En ésta su segunda exposición en la Galería, Patrick Steeger desplegará en la terraza y Sala Principal de la Galería, su nueva exposición “Si total aquí no hay nada”, parte de un gran proyecto multidisciplinar que reúne arte, territorio y conservación; proyecto que busca: “Mostrarnos que la regularidad de nuestros espacios es una ficción históricamente construida, un texto cultural que más que acercarnos a la realidad nos aleja de su creativo acontecer”, en palabras del artista. Es así como Steeger ha ido urdiendo una nueva trama donde el arte, la arquitectura y la conservación se entremezclan para formar un cuerpo de obra potente en su estética y profundo en su sentido: “La obra busca poner en valor el acto de mirar, detenerse, caminar y observar, el orden natural de las cosas y su ritmo”, señala el artista, reflexionando a través de su obra sobre el habitar y nuestro propio modo de acontecer en el mundo que, históricamente, ha sido subyugado por el pensamiento mecanicista post revolución industrial.

 

Con una larga trayectoria en las artes visuales, Steeger se ha destacado por una incesante búsqueda en todo lo referente a la investigación de infinitas formas de percibir y vivir el territorio.

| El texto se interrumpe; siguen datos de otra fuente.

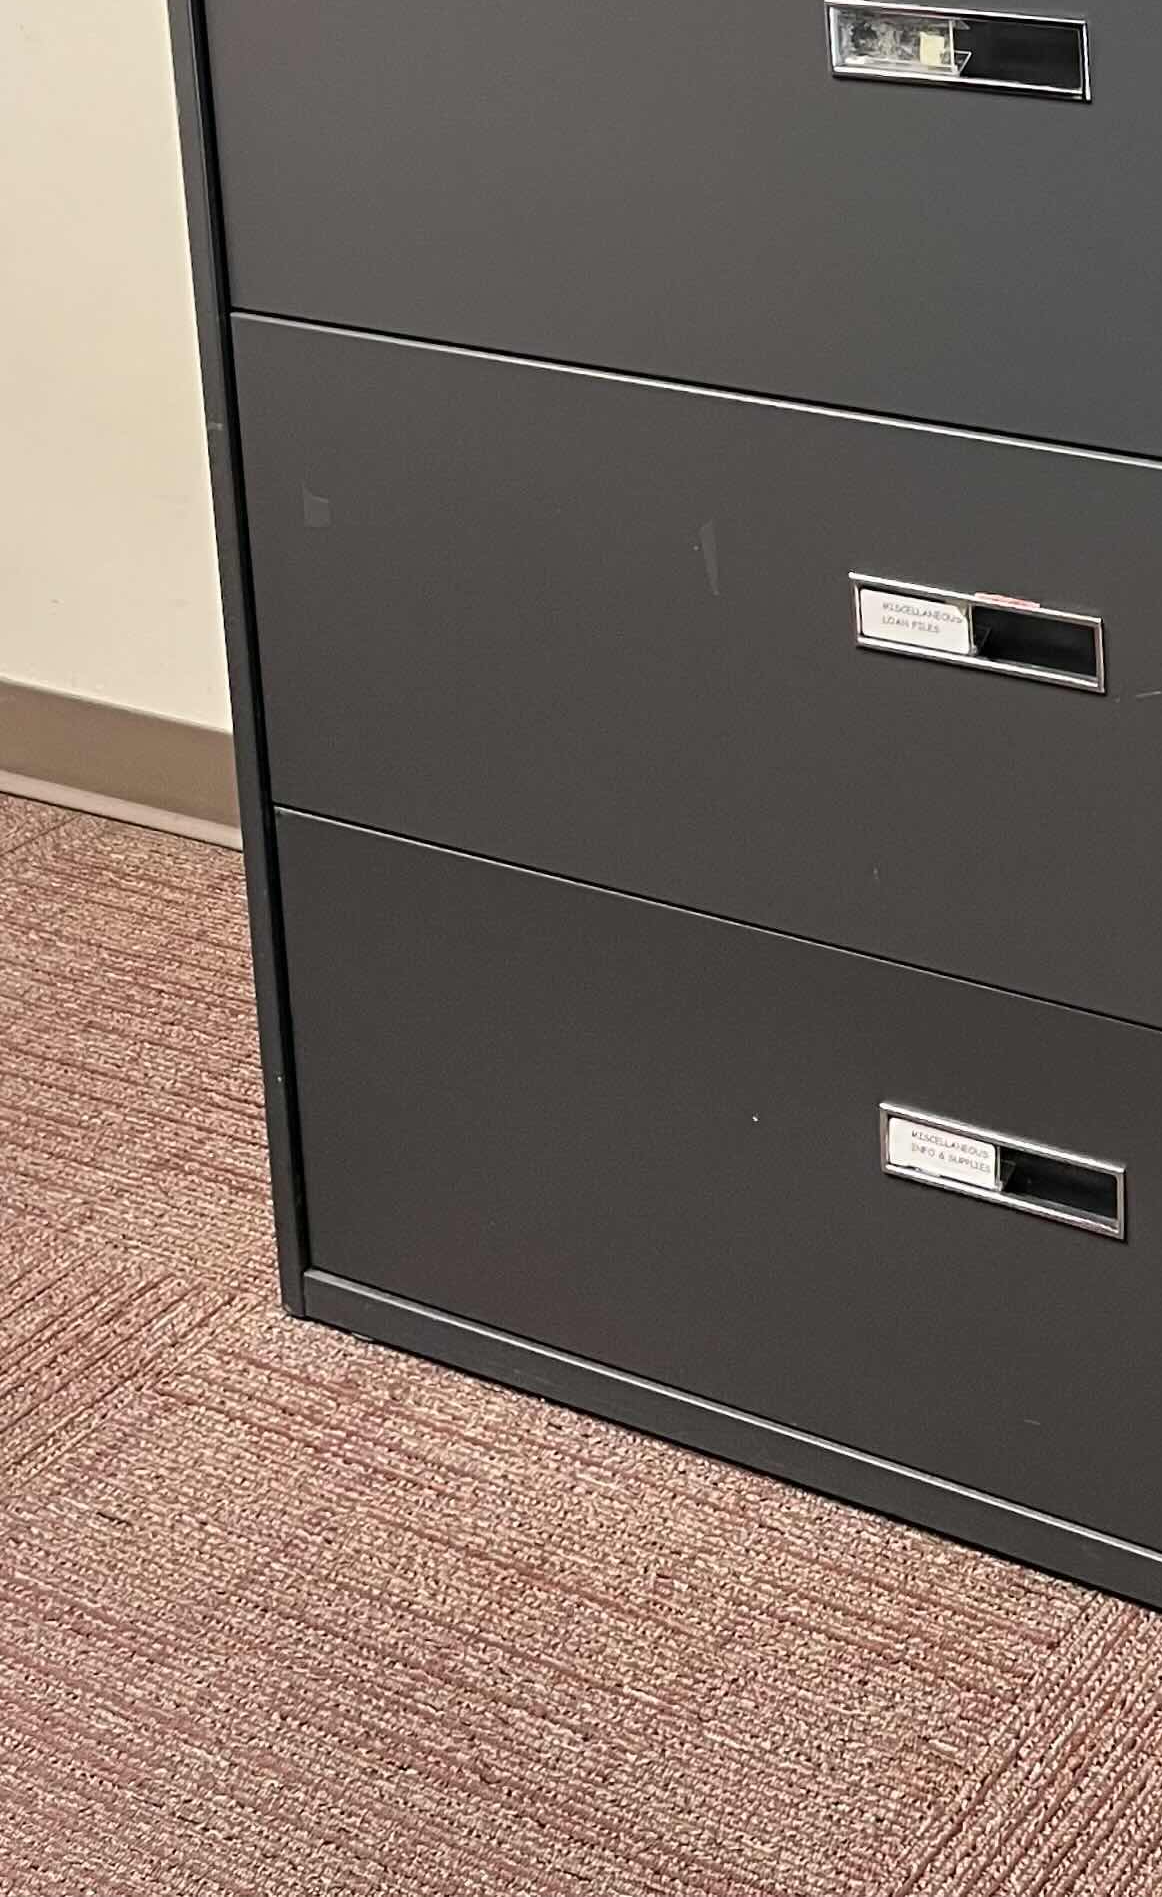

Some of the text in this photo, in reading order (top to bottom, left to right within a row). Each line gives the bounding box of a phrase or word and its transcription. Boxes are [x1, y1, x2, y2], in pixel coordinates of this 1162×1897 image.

En esta ocasión su cuerpo de obra se compone de tres obras: “El paisaje es tan vasto que me tuve que perder para encontrarme” una bienvenida al vacío, está compuesta por 24 vitrinas que generan un paisaje que no vemos por su horizontalidad, pero que al acercarnos develan al espectador una gran diversidad de objetos, dibujos, observaciones y colecta de elementos de pequeña escala recogidos en salidas a terreno en colaboración con la bióloga Gabriela Zegers. Junto a ésta, utilizando el mismo recurso estético de lo revelado; “El árbol era tan grande solo vi su sombra” el artista construye una extensa línea compuesta de pequeñas ramas donde su invisibilidad, esta vez, es dada por su escala, y donde el espectador es nuevamente sorprendido, la línea pierde su orden geométrico para abrirse como un micropaisaje formado por diversos elementos vegetales (líquenes, esporófitos, hongos). Y por último “El habitar y nuestras relaciones con el orden natural”, semillas de madera como habitáculos de observación, una unidad de arquitectura portable que a su vez servirá como estación de residencias para artistas, poetas o científicos y público en general en lugares remotos de conservación.